Leaving the pictures out, transcribe the records below exactly.
***
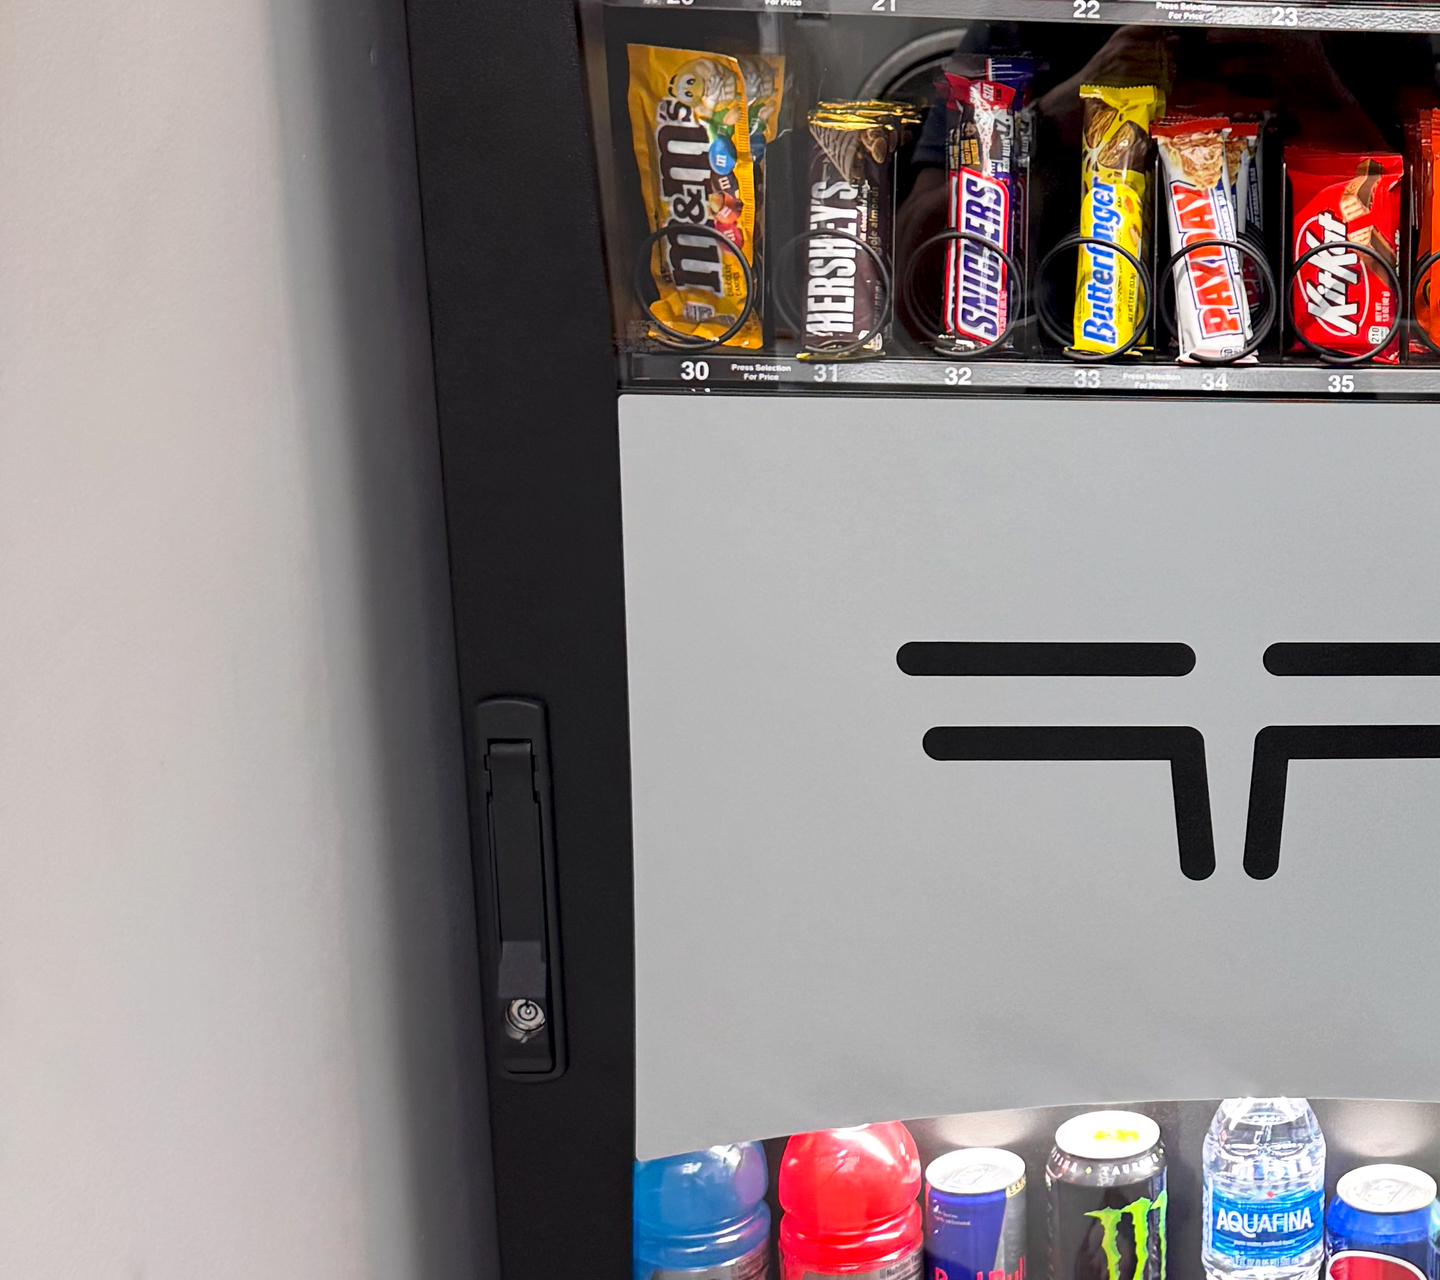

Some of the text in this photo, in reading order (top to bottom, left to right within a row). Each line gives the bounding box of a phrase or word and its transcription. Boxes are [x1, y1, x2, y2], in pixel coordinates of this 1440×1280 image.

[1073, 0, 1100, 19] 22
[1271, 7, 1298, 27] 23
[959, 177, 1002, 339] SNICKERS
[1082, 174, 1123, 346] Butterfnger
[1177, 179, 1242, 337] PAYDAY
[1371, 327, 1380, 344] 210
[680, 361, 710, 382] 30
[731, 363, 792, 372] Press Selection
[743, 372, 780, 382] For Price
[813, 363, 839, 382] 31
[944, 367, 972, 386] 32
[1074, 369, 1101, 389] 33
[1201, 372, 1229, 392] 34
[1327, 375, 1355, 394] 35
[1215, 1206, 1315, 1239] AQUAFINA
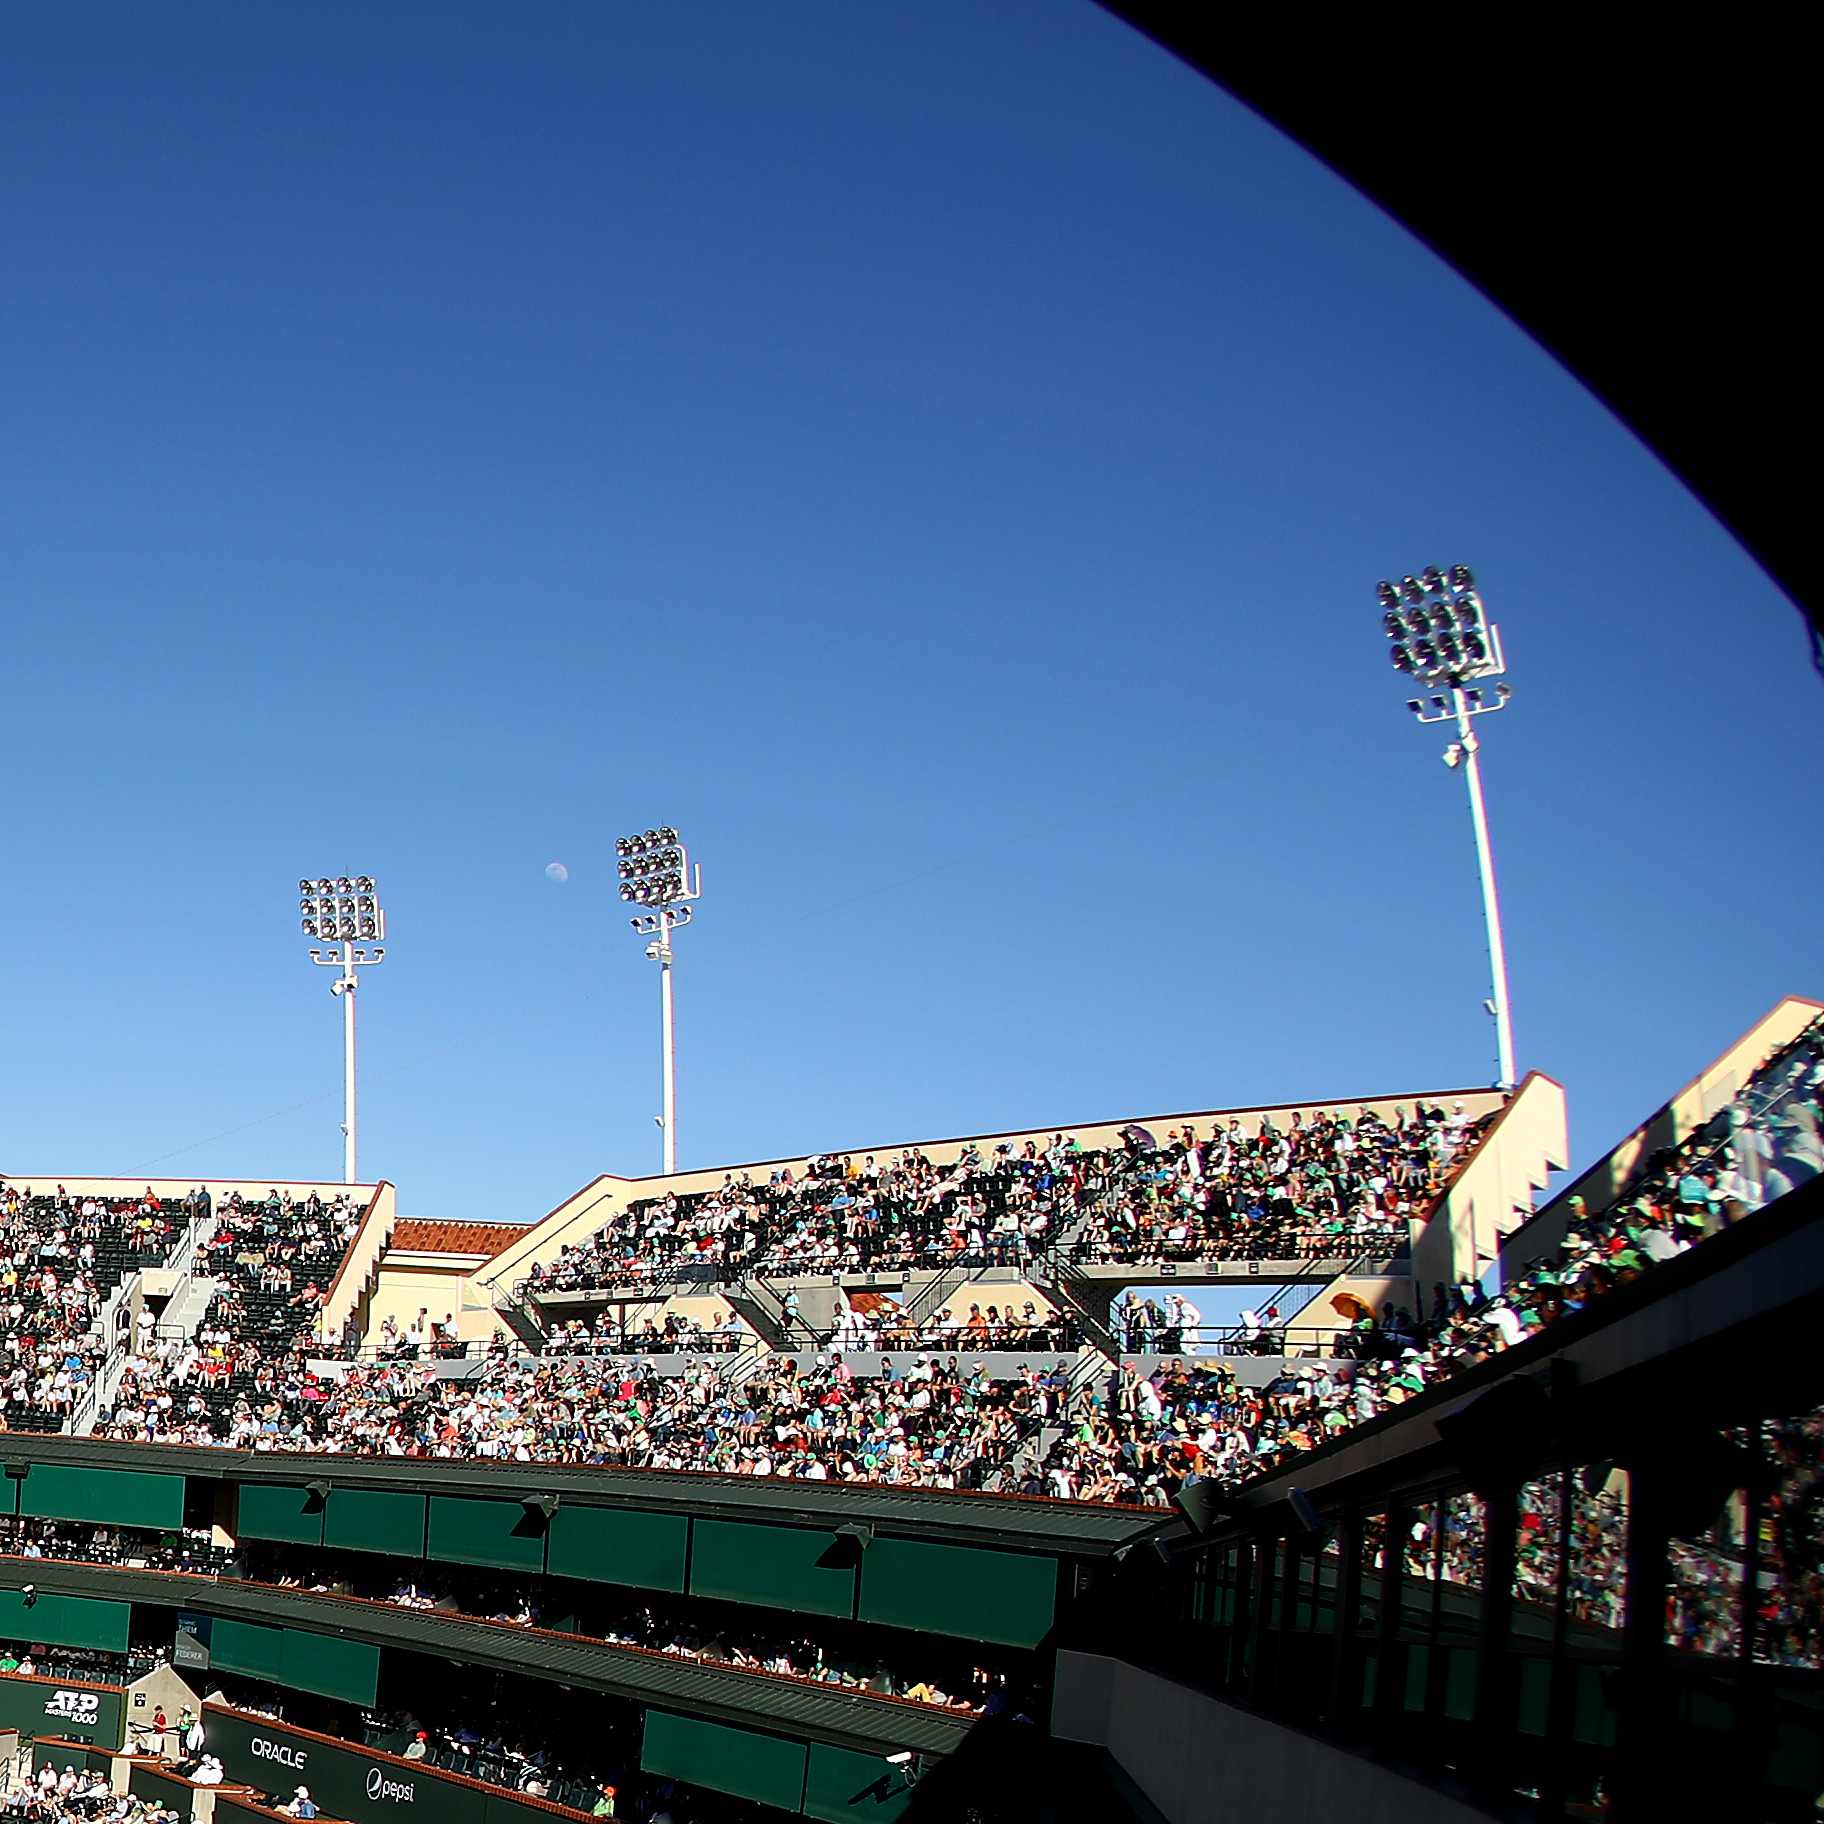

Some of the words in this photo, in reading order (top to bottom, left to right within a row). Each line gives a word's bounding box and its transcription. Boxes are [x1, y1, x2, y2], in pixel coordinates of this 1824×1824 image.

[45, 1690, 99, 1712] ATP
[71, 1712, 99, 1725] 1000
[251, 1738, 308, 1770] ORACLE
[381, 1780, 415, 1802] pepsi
***
▶ Solution to the problem
Some of the text in this photo, in reading order (top to bottom, left to right within a row). Each line gives the bounding box of a phrase or word and its transcription. Boxes are [x1, y1, x2, y2], in pixel coordinates of this 1440×1280 image.

[1073, 0, 1100, 19] 22
[1271, 7, 1298, 27] 23
[959, 177, 1002, 339] SNICKERS
[1082, 174, 1123, 346] Butterfnger
[1177, 179, 1242, 337] PAYDAY
[1371, 327, 1380, 344] 210
[680, 361, 710, 382] 30
[731, 363, 792, 372] Press Selection
[743, 372, 780, 382] For Price
[813, 363, 839, 382] 31
[944, 367, 972, 386] 32
[1074, 369, 1101, 389] 33
[1201, 372, 1229, 392] 34
[1327, 375, 1355, 394] 35
[1215, 1206, 1315, 1239] AQUAFINA

Some of the words in this photo, in reading order (top to bottom, left to right within a row). Each line gives a word's bounding box and its transcription. Boxes are [x1, y1, x2, y2], in pixel coordinates of this 1824×1824 image.

[45, 1690, 99, 1712] ATP
[71, 1712, 99, 1725] 1000
[251, 1738, 308, 1770] ORACLE
[381, 1780, 415, 1802] pepsi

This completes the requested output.